Category Archives: The Media

Herald Does Gables Election

The Miami Herald does a long ‘process’ story about the elections coming up in Coral Gables and Miami Shores. It’s mostly about how there have been unprecedented expenditures and unprecedented negative campaigning. It’s a long story, and it’s in the print edition as well as online — probably more column inches then ever devoted to any of the issues in this election.
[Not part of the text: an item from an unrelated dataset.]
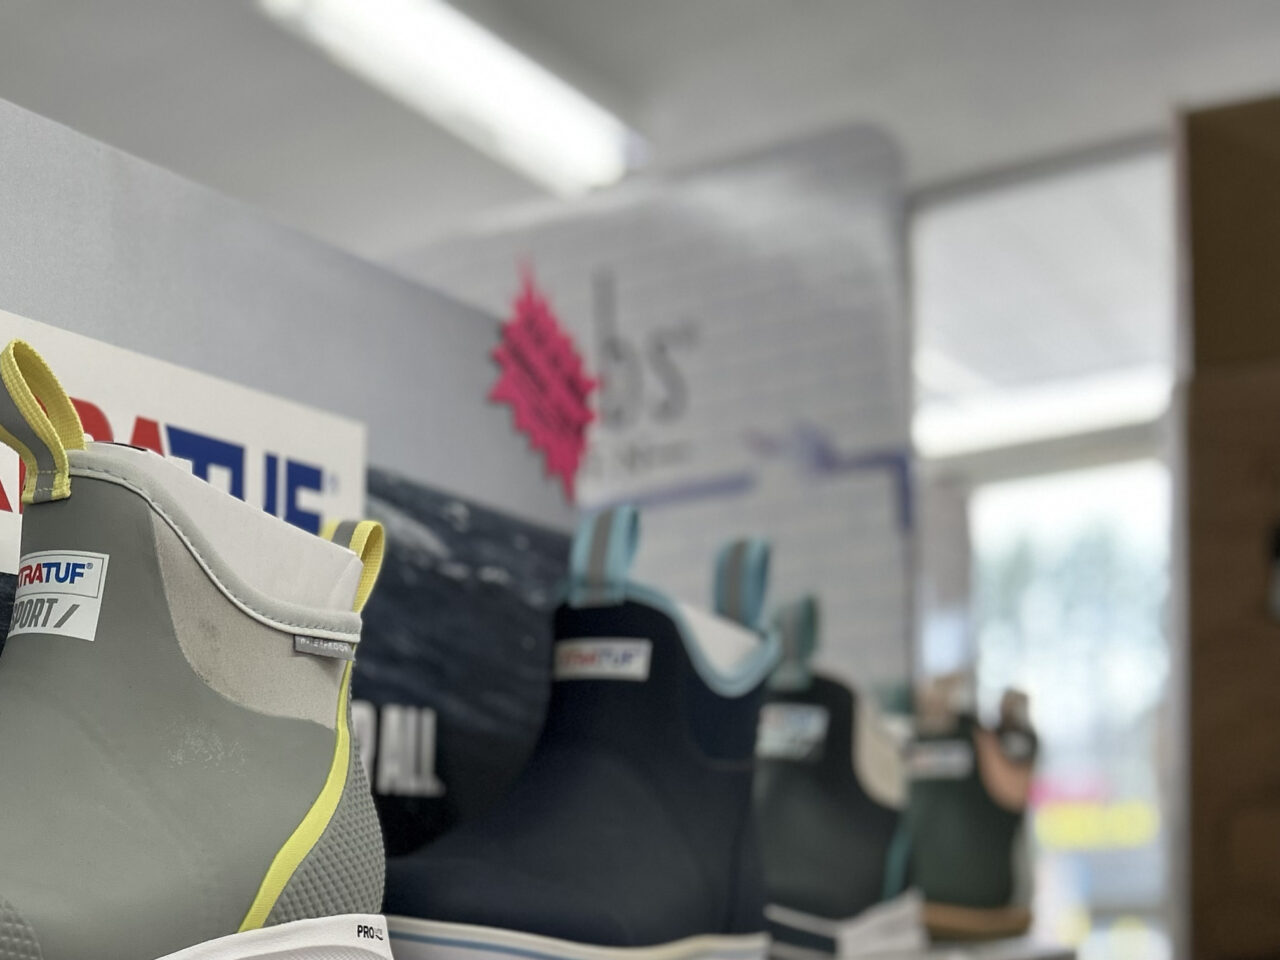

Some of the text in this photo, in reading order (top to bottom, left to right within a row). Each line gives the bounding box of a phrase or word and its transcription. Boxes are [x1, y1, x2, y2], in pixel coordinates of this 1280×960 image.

Two items of special interest. First, the Herald has found out something about the mysterious mailers (cf. Electioneering Report — April 8, 2011 (Update 4)):

According to a Statement of Electioneering Communication filed with the city of Coral Gables, Jordan Behlman is the committee’s chairman. When contacted by The Miami Herald on Friday, Behlman would not comment about his involvement with the group. Behlman, 30, is a registered student at the University of Miami School of Law.

The mailer’s return address is 3606 S. Waverly Cir., Tampa, which Behlman listed as his permanent address on the electioneering statement. It’s the address of Behlman’s parents. Behlman’s mother, Jaynee, said Friday they have nothing to do with Coral Gables.

“I don’t know what’s going on in Coral Gables,’’ she said. “I don’t know who got my address, but they’re using it without my permission.”

She said her son is not living at home and that she was approached by a private detective this week who said he was looking into the committee.

“He scared me to death,” she said.

The Committee for Coral Gables’ Future is not registered with the Florida Division of Elections. According to the statement of electioneering communication, the purpose of the organization is to, “support and oppose candidates in Coral Gables municipal elections.”

(Incidentally, as far as I can recall, I’ve never met this student.)

Second, they quote me (without giving the name of this blog or the URL). Ironically the point of my quote is that I wish they wrote more about issues and less about process.

“It’s always a struggle in municipal elections to figure out what the issues are and what the candidates’ stances are,” said Michael Froomkin, who has lived in Coral Gables for 19 years. A University of Miami law professor, Froomkin writes a popular blog that has chronicled the campaign.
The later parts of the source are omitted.